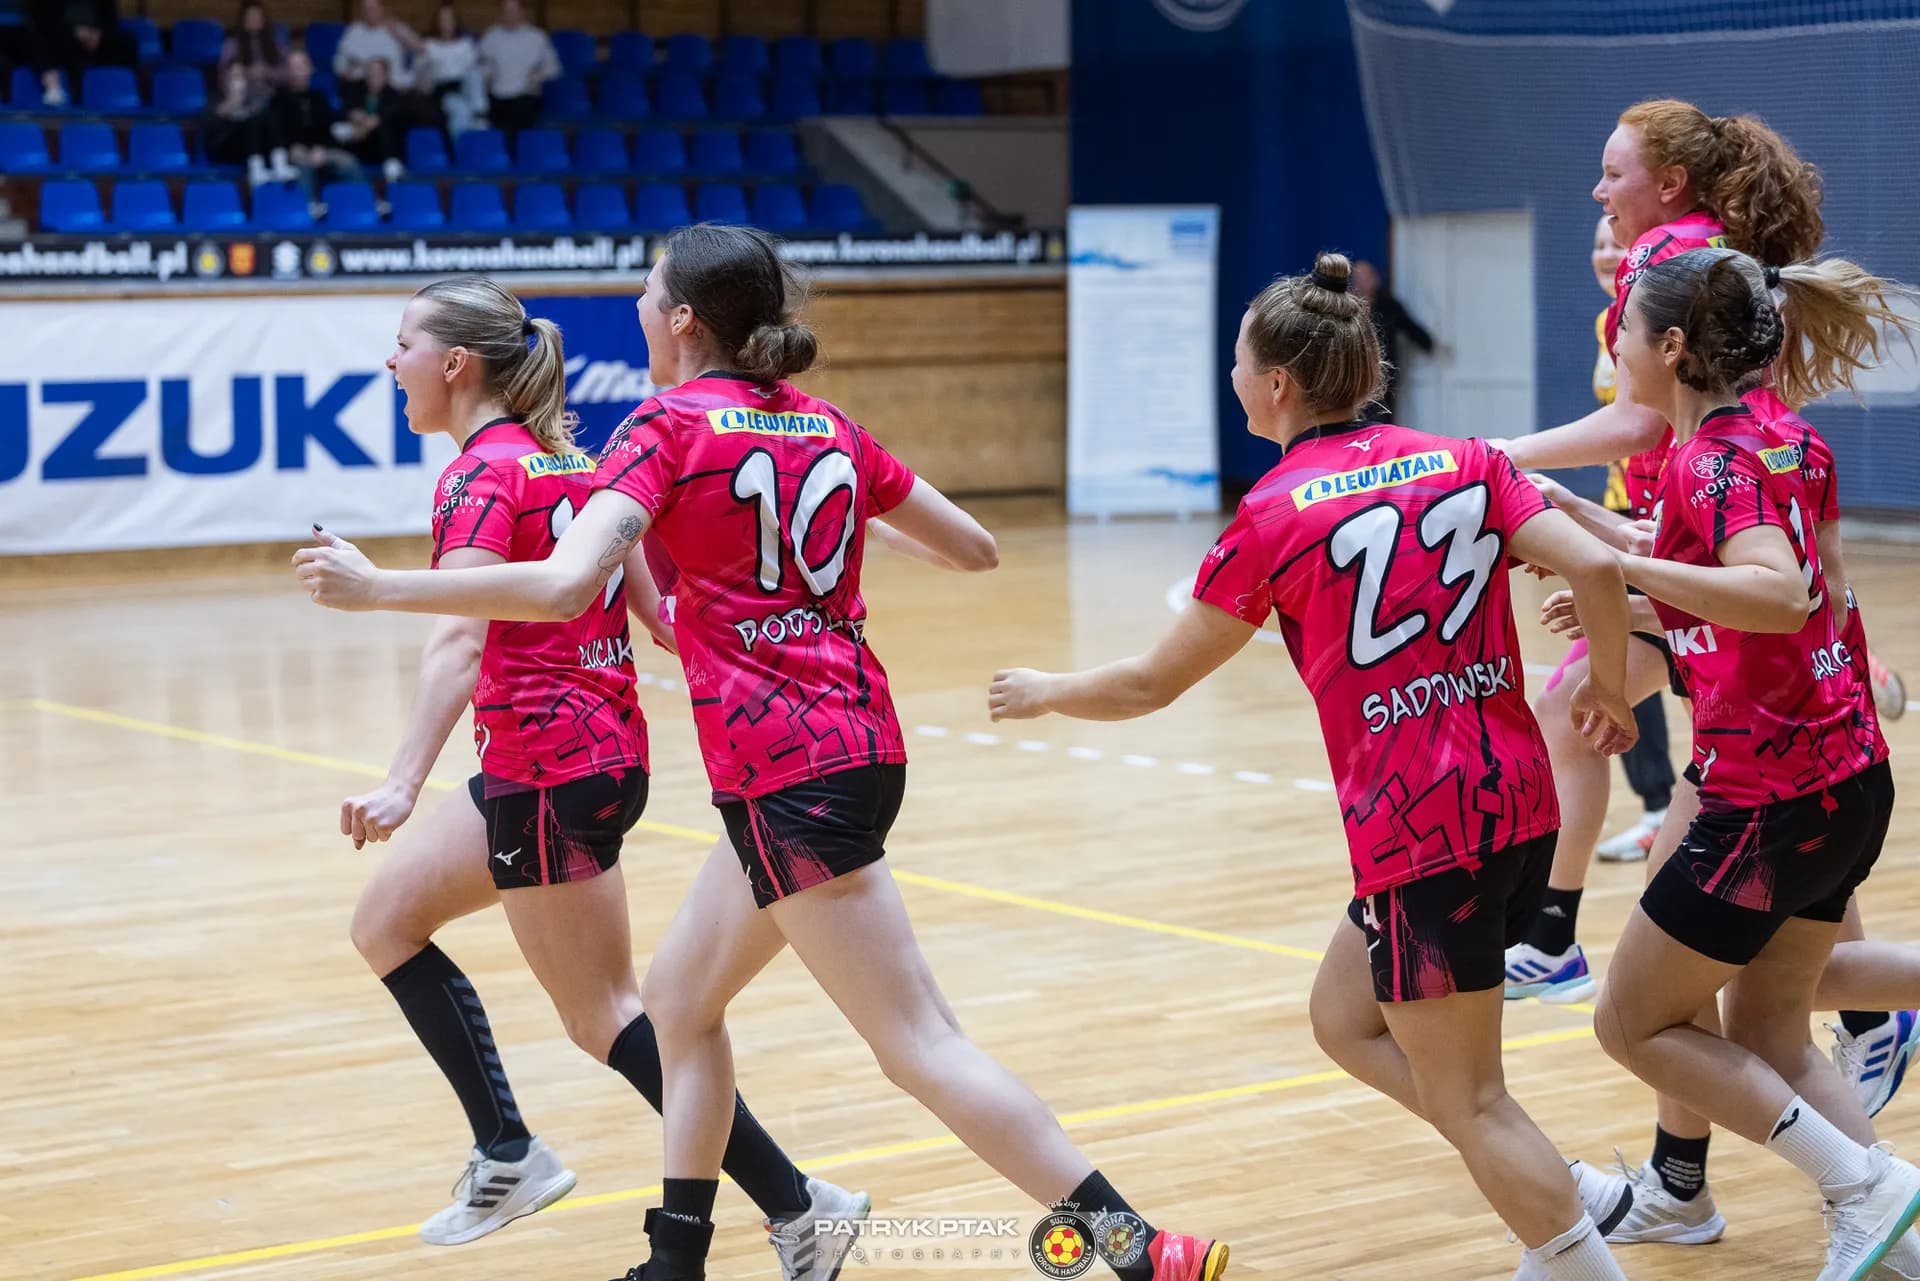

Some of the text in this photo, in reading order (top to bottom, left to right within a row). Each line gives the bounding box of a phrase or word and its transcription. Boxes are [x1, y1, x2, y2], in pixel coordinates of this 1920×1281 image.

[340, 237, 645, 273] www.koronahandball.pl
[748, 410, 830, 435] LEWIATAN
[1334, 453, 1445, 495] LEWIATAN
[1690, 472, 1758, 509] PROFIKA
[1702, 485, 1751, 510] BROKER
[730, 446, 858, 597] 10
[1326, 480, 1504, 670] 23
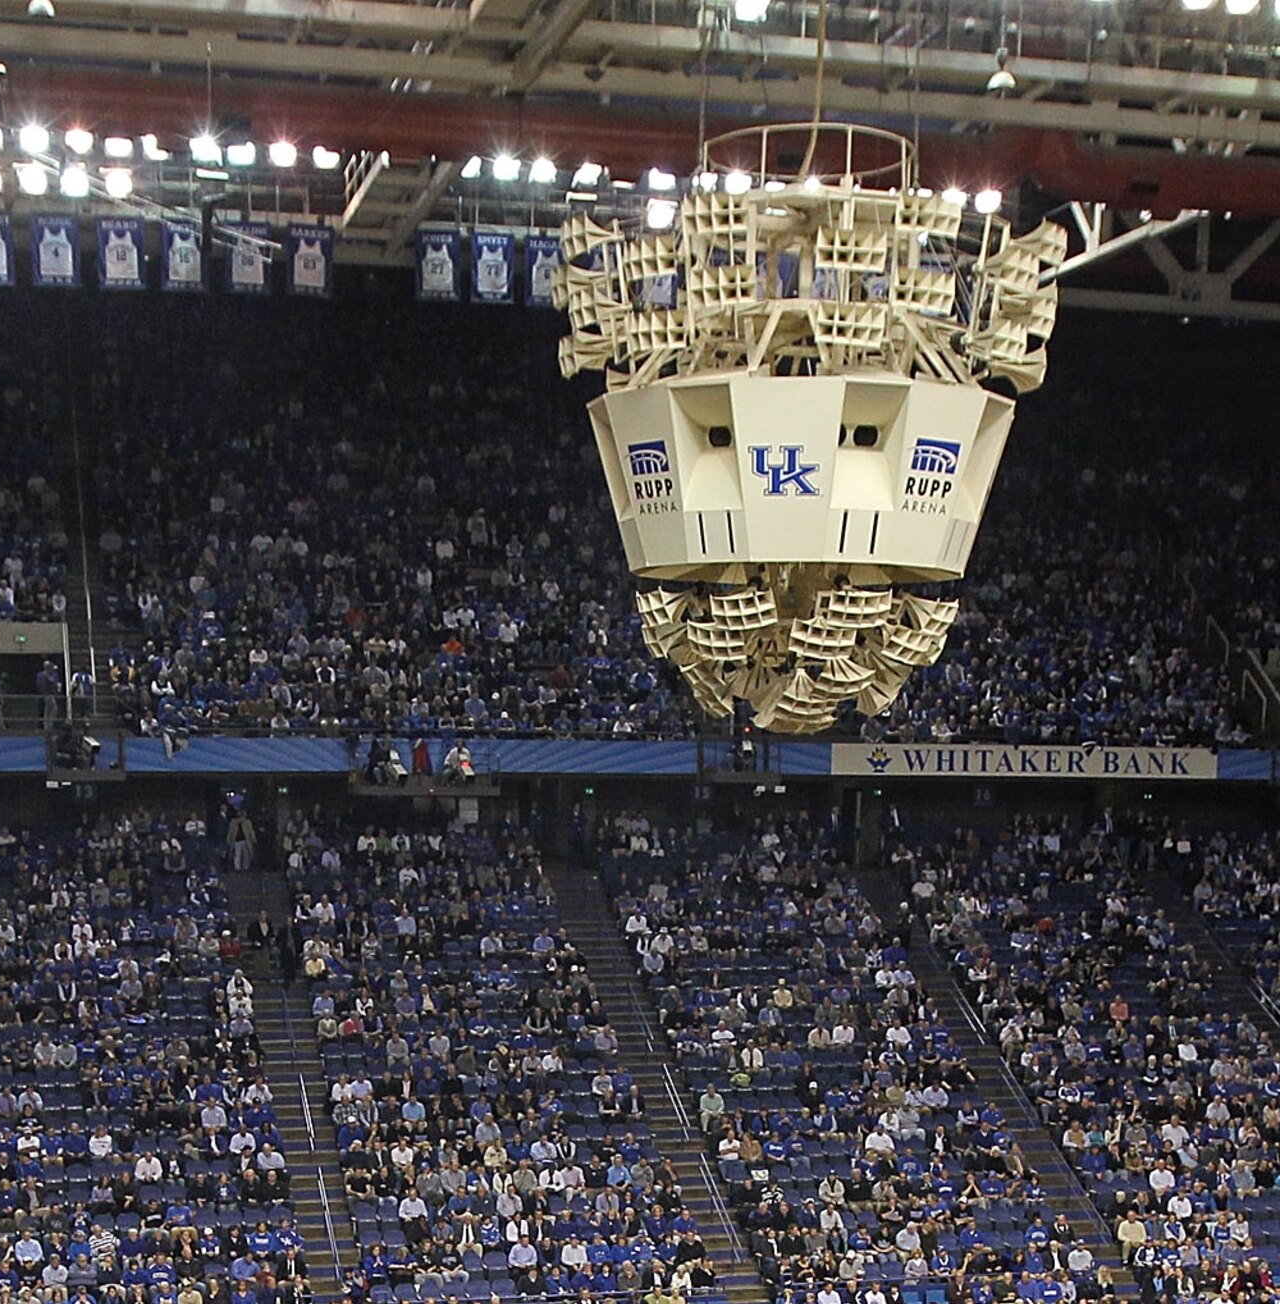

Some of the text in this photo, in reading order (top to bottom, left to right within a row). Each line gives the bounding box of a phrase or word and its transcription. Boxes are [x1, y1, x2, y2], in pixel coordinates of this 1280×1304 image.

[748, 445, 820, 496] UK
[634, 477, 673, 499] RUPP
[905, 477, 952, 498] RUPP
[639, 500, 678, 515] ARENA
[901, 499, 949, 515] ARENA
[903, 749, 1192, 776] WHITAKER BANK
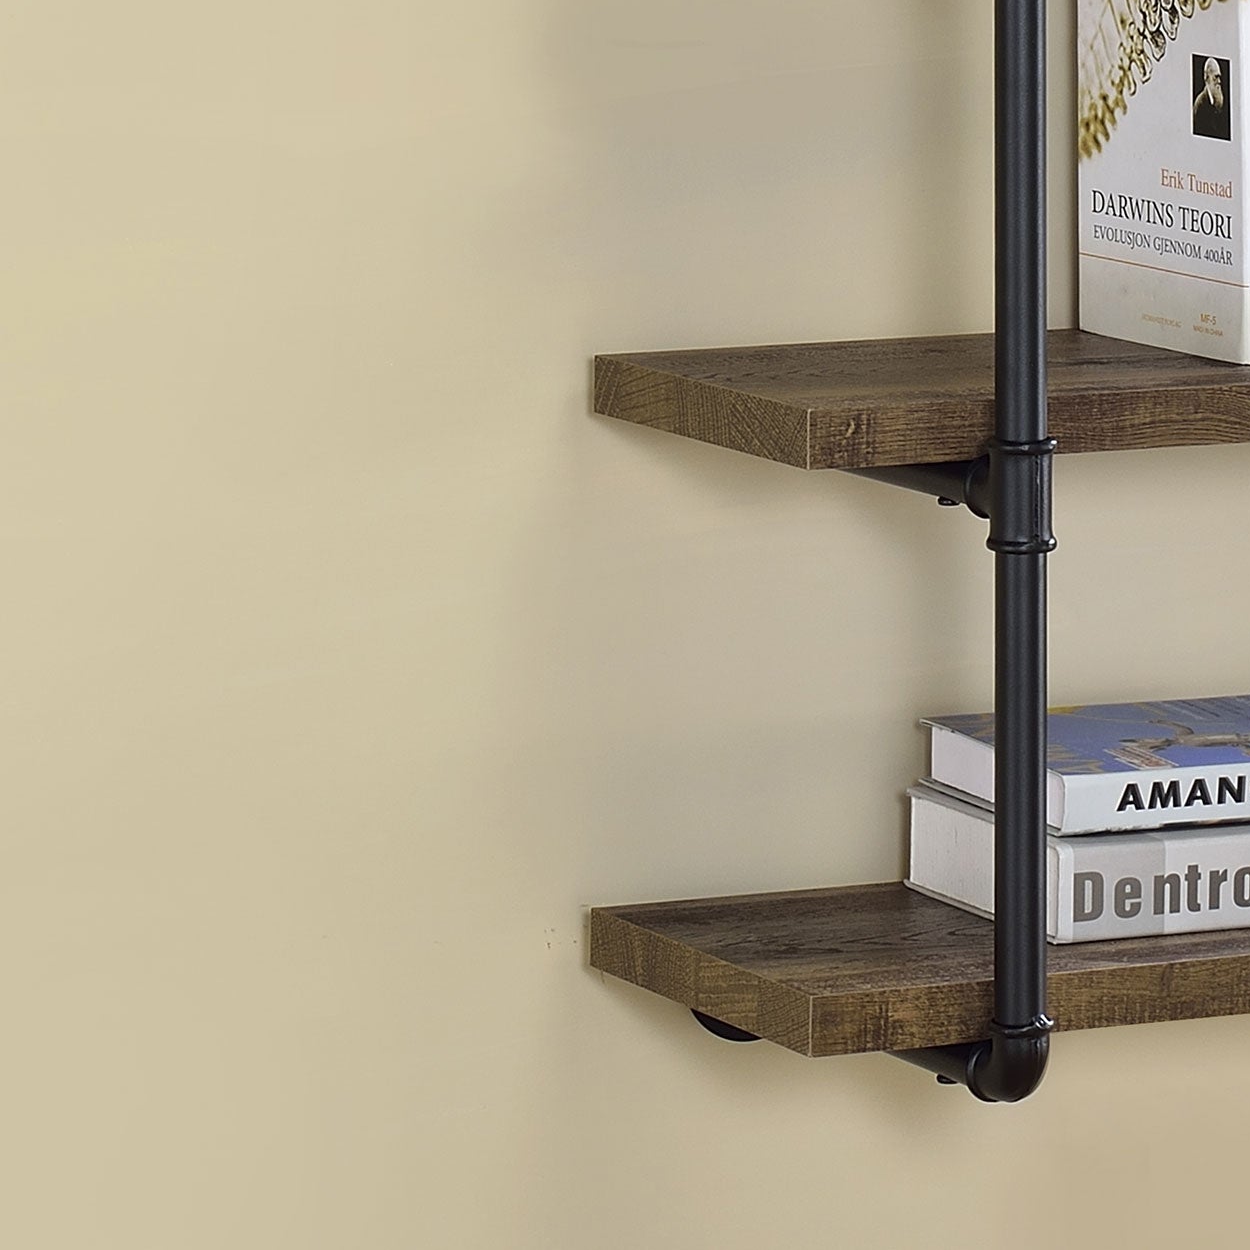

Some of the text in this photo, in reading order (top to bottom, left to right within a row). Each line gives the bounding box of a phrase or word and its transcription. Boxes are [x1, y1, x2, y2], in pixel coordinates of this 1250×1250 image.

* **HOW TO COMPLETE THIS TASK**
An exact copy of all the data above is required; omit any pictures.

* **ANSWER BOX**
Some of the text in this photo, in reading order (top to bottom, left to right within a row). Each line gives the bounding box of a phrase or word and its transcription. Boxes are [x1, y1, x2, y2], in pixel coordinates of this 1920×1281 image.

[340, 237, 645, 273] www.koronahandball.pl
[748, 410, 830, 435] LEWIATAN
[1334, 453, 1445, 495] LEWIATAN
[1690, 472, 1758, 509] PROFIKA
[1702, 485, 1751, 510] BROKER
[730, 446, 858, 597] 10
[1326, 480, 1504, 670] 23

Some of the text in this photo, in reading order (top to bottom, left to right within a row). Each line gives the bounding box of a phrase or word and its transcription. Boxes are [x1, y1, x2, y2], in pixel coordinates of this 1280×1304 image.

[748, 445, 820, 496] UK
[634, 477, 673, 499] RUPP
[905, 477, 952, 498] RUPP
[639, 500, 678, 515] ARENA
[901, 499, 949, 515] ARENA
[903, 749, 1192, 776] WHITAKER BANK

Some of the text in this photo, in reading order (top to bottom, left to right within a row). Each line gives the bounding box of a phrase or word and its transcription. Boxes are [x1, y1, x2, y2], in pixel coordinates of this 1250×1250 image.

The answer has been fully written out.